──────── RECORDS FOR THE EXERCISE ────────

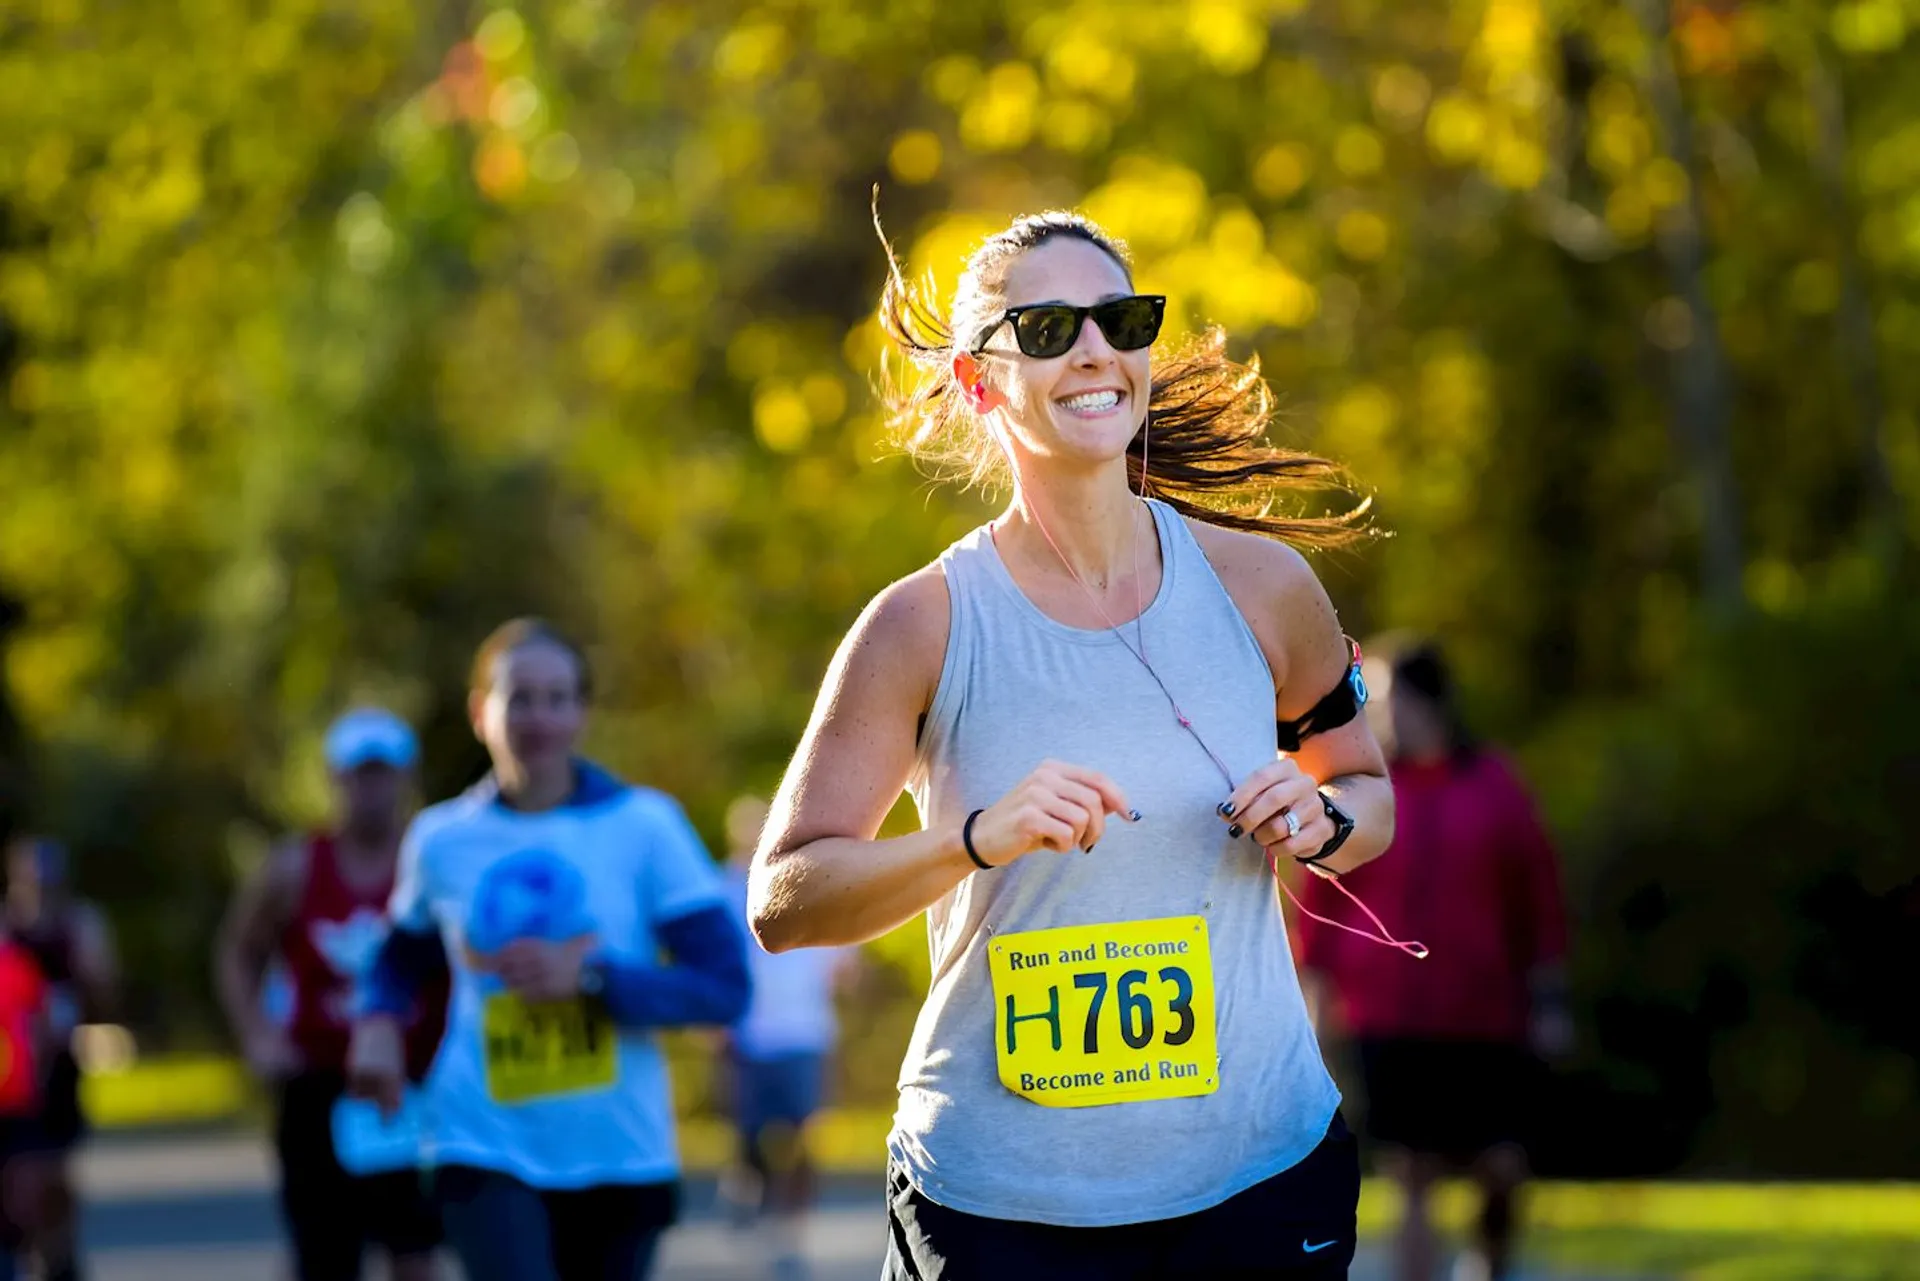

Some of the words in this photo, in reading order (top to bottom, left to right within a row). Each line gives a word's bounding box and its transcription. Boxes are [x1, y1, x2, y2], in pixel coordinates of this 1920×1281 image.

[1009, 952, 1050, 971] Run
[1058, 943, 1097, 964] and
[1104, 940, 1189, 959] Become
[1006, 966, 1195, 1055] H763
[1020, 1069, 1105, 1091] Become
[1113, 1062, 1151, 1083] and
[1158, 1060, 1198, 1079] Run

────────

PROBLEM TO SOLVE:
Write each entry again exactly, minus any images.

ANSWER BOX:
Some of the words in this photo, in reading order (top to bottom, left to right within a row). Each line gives a word's bounding box and its transcription. Boxes are [x1, y1, x2, y2], in pixel coordinates of this 1920×1281 image.

[1009, 952, 1050, 971] Run
[1058, 943, 1097, 964] and
[1104, 940, 1189, 959] Become
[1006, 966, 1195, 1055] H763
[1020, 1069, 1105, 1091] Become
[1113, 1062, 1151, 1083] and
[1158, 1060, 1198, 1079] Run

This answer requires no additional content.